Salvation from an eternal perspective gives our present trials a different perspective, especially if those hardships lead us to a greater dependence on God.


“In a moment the reason that God had given him was taken away; the judgment that the king thought perfect, the wisdom on which he prided himself, was removed, and the once mighty ruler was a maniac. His hand could no longer sway the scepter. The messages of warning had been unheeded; now, stripped of the power his Creator had given him, and driven from men, Nebuchadnezzar ‘did eat grass as oxen, and his body was wet with the dew of heaven, till his hairs were grown like eagles’ feathers, and his nails like birds’ claws.’ ”

“For seven years Nebuchadnezzar was an astonishment to all his subjects; for seven years he was humbled before all the world. Then his reason was restored and, looking up in humility to the God of heaven, he recognized the divine hand in his chastisement. In a public proclamation he acknowledged his guilt and the great mercy of God in his restoration. ‘At the end of the days,’ he said, ‘I Nebuchadnezzar lifted up mine eyes unto heaven, and mine understanding returned unto me, and I blessed the Most High, and I praised and honored Him that liveth forever, whose dominion is an everlasting dominion, and His kingdom is from generation to generation: and all the inhabitants of the earth are reputed as nothing: and He doeth according to His will in the army of heaven, and among the inhabitants of the earth: and none can stay His hand, or say unto Him, What doest Thou?’

“ ‘At the same time my reason returned unto me; and for the glory of my kingdom, mine honor and brightness returned unto me; and my counselors and my lords sought unto me; and I was established in my kingdom, and excellent majesty was added unto me.’

“The once proud monarch had become a humble child of God; the tyrannical, overbearing ruler a wise and compassionate king. He who had defied and blasphemed the God of heaven now acknowledged the power of the Most High and earnestly sought to promote the fear of Jehovah and the happiness of his subjects. Under the rebuke of Him who is King of kings and Lord of lords, Nebuchadnezzar had learned at last the lesson which all rulers need to learn—that true greatness consists in true goodness. He acknowledged Jehovah as the living God, saying, ‘I Nebuchadnezzar praise and extol and honor the King of heaven, all whose works are truth, and His ways judgment: and those that walk in pride He is able to abase.’

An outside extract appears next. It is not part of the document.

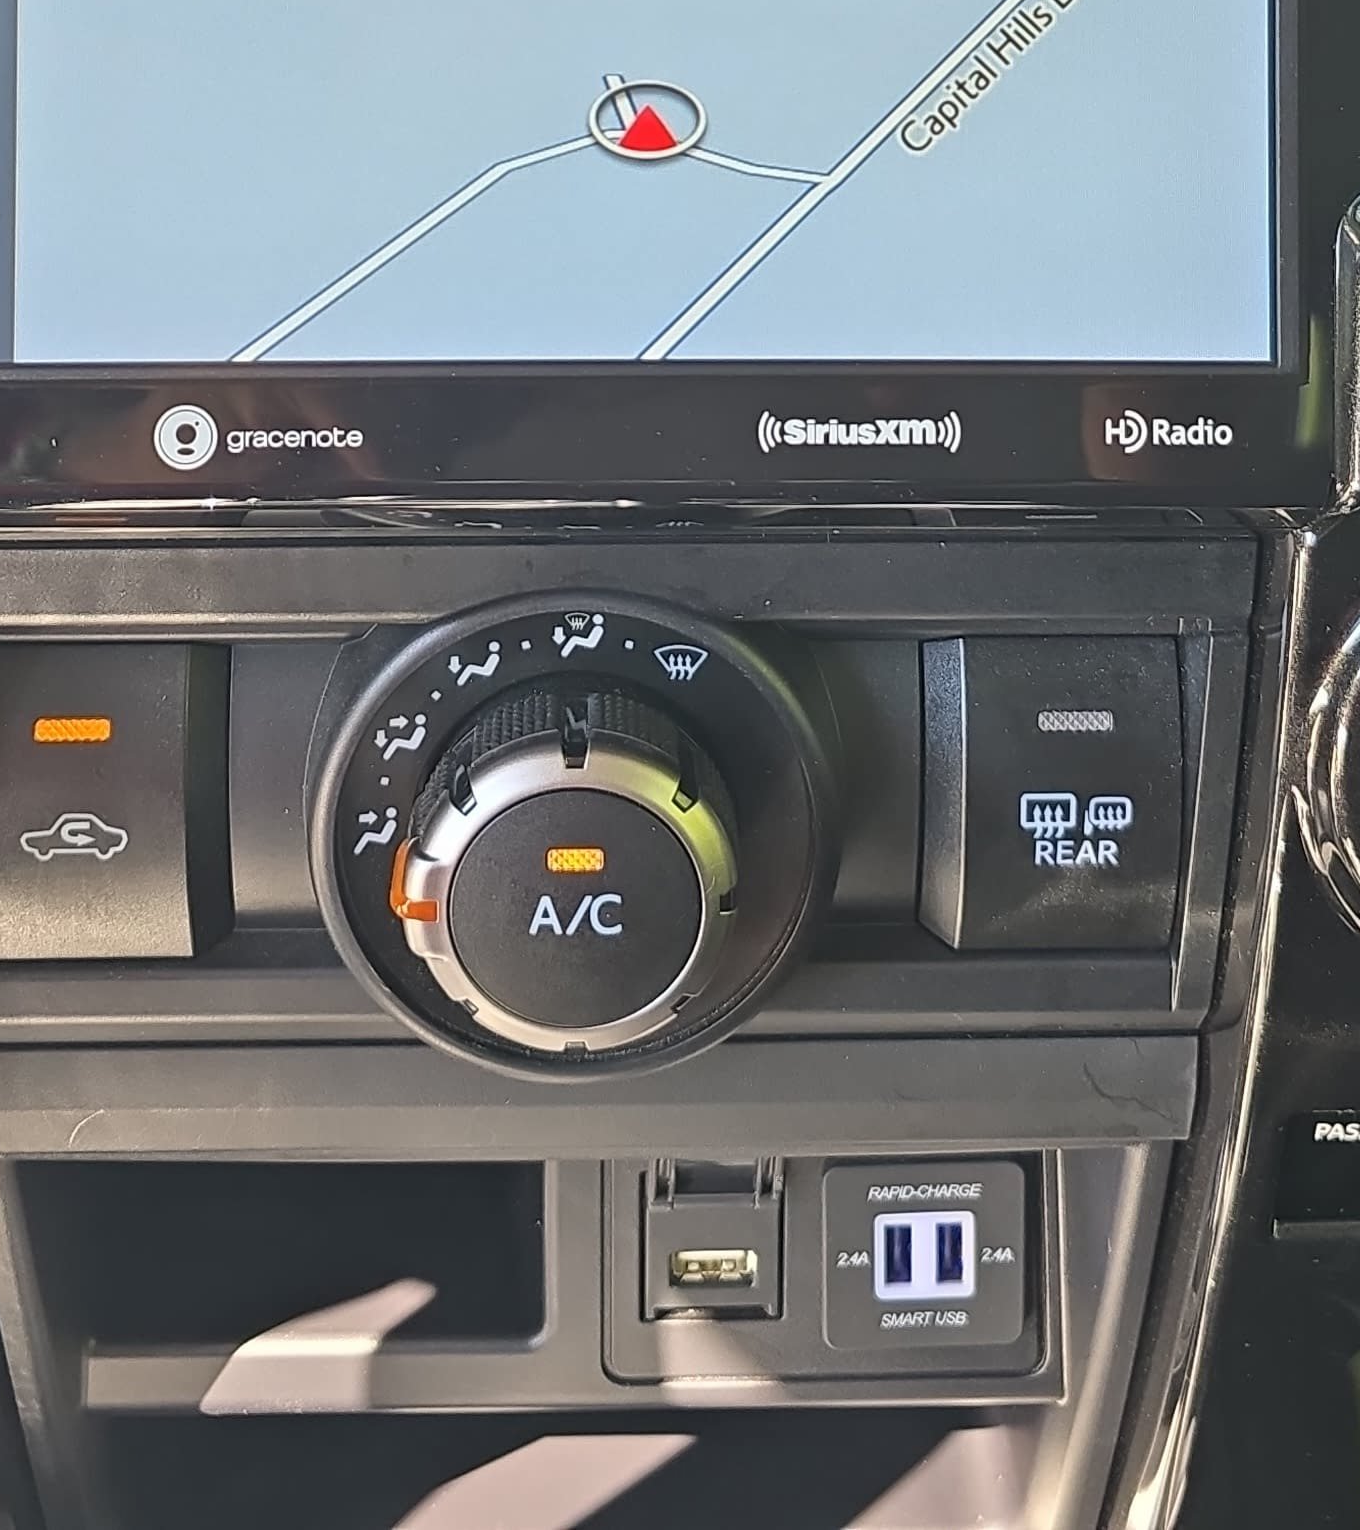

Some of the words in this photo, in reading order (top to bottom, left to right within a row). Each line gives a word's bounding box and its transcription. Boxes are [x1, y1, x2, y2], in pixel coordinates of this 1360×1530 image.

“God’s purpose that the greatest kingdom in the world should show forth His praise was now fulfilled. This public proclamation, in which Nebuchadnezzar acknowledged the mercy and goodness and authority of God, was the last act of his life recorded in sacred history.”

Ellen G. White, Prophets and Kings, 520, 521.


  • When was a time in your life that God got your attention? Did you perceive it at the time as a good thing or bad thing?
  • What is the relationship between love and discipline?
  • Can parents do something in the best interest of a child that can be perceived as unloving from the vantage point of the child?
  • What are some things that parents do from a long-term perspective in the child’s best interests?
  • Why do you think that God ranks pride number one on His list of deadly sins in Proverbs 6:16–19?
  • Why is it hard to feel our need and dependence on God?
  • What are things that we can do to feel our need of God more?